重叠密度热图:代谢组学研究的新方法
Overlap Density Heatmaps: A Novel Approach to Metabolomics Research
Abstract
In this study, we introduce a novel tool, the Overlap Density Heatmap (ODH), for the visualization and quantitative evaluation
of the (dis)similarity in massive amounts of spectral or chromatographic data. This new spectral visualization tool was applied to a study of the 1 H NMR spectra of human serum samples from 37 diabetic and non-diabetic subjects. OD consensus spectra of the normal and diabetic samples were generated, and a difference spectrum of the two was determined. This difference spectrum identified diagnostic peak regions which can distinguish diabetic from normal patient samples. Using the difference spectrum as a search against the whole dataset revealed clear separation between both patient populations. Further, we then deployed the difference spectrum as a search query against a database of known metabolites. Only D-glucose, a known biomarker for diabetes, was retrieved. The result illustrates the versatility of applying the ODH to identifying the requisite metabolite/biomarker for a disease type such as diabetes.
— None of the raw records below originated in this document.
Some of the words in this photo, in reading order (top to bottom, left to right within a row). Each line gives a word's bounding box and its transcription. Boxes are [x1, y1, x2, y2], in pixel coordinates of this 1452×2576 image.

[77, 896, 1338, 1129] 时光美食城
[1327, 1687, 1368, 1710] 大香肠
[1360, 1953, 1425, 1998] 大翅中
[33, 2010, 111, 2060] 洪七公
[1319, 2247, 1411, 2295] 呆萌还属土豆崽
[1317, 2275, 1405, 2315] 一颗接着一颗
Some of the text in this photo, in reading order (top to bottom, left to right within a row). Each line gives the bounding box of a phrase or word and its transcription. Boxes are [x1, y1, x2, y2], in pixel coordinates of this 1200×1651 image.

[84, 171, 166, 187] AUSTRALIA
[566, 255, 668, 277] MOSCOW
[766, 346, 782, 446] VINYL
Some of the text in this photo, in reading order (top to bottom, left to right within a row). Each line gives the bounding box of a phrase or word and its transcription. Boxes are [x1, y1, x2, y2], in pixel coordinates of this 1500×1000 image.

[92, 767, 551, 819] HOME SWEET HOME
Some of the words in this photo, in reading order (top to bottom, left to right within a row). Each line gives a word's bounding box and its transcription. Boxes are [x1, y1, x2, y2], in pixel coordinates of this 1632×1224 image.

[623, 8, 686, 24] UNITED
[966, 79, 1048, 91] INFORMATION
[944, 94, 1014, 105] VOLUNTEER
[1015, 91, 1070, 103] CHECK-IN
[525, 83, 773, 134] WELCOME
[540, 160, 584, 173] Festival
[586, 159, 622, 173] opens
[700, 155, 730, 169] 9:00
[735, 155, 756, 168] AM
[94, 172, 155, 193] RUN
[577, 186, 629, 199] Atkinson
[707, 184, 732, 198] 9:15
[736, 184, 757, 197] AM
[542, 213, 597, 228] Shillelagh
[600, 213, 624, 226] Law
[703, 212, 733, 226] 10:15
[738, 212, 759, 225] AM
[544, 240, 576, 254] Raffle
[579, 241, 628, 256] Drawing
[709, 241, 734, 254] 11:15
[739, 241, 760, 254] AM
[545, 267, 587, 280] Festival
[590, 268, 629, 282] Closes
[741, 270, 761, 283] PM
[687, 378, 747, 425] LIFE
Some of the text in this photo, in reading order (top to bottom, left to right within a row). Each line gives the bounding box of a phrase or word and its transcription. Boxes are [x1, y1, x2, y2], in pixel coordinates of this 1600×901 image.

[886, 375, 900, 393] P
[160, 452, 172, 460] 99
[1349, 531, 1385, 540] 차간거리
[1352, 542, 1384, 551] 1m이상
In a complementary study, we deployed Principal Component Analysis (PCA) to the analysis of the same 37 samples. Good
class separation between both patient populations was obtained. The PCA loadings plot, which highlights important peak positions, and may also implicate metabolites, was compared to the difference spectrum from ODH and found to share many similar features. When used as a search query, the loadings plot spectrum retrieved a single hit, (D-glucose), from the metabolite database, similarly as was found for the ODH-based search query. These findings demonstrate that ODH can provide an unbiased approach to enhancing the multivariate analysis and interpretation of NMR-based metabolomics data.
Conclusions
We have shown that this new Overlay Heat Density (ODH) technique has wide applications in spectral visualization, analysis, and metabolomics research. In combination with chemometrics tools, the ODH technology offers a very powerful approach to the study of metabolite identification and characterization. Incorporation of Infometrix' chemometrics software (Pirouette ® ) into the KnowItAll package offers researchers a fully-integrated NMR-based metabolomics platform. Such an integrated platform opens the door to multi-technique metabolomics studies, which should provide more options for future research in this area.